- Brief
An identical copy of every entry below is the required output.

- Collected data
------------------------------------------------
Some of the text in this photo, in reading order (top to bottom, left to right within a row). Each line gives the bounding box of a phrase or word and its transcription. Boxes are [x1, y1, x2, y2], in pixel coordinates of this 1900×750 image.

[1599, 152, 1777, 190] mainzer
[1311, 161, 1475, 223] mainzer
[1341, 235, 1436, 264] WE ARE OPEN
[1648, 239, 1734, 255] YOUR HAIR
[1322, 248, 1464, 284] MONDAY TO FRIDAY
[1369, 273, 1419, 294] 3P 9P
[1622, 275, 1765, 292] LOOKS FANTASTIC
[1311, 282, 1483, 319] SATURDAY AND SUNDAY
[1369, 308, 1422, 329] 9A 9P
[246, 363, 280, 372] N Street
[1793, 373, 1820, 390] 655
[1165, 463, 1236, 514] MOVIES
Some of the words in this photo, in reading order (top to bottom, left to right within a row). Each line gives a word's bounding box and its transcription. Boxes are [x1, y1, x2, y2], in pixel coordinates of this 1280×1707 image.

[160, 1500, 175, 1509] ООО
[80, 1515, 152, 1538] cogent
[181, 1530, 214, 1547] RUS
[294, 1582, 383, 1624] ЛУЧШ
------------------------------------------------
- Problem solution
Some of the text in this photo, in reading order (top to bottom, left to right within a row). Each line gives the bounding box of a phrase or word and its transcription. Boxes are [x1, y1, x2, y2], in pixel coordinates of this 1900×750 image.

[1599, 152, 1777, 190] mainzer
[1311, 161, 1475, 223] mainzer
[1341, 235, 1436, 264] WE ARE OPEN
[1648, 239, 1734, 255] YOUR HAIR
[1322, 248, 1464, 284] MONDAY TO FRIDAY
[1369, 273, 1419, 294] 3P 9P
[1622, 275, 1765, 292] LOOKS FANTASTIC
[1311, 282, 1483, 319] SATURDAY AND SUNDAY
[1369, 308, 1422, 329] 9A 9P
[246, 363, 280, 372] N Street
[1793, 373, 1820, 390] 655
[1165, 463, 1236, 514] MOVIES
Some of the words in this photo, in reading order (top to bottom, left to right within a row). Each line gives a word's bounding box and its transcription. Boxes are [x1, y1, x2, y2], in pixel coordinates of this 1280×1707 image.

[160, 1500, 175, 1509] ООО
[80, 1515, 152, 1538] cogent
[181, 1530, 214, 1547] RUS
[294, 1582, 383, 1624] ЛУЧШ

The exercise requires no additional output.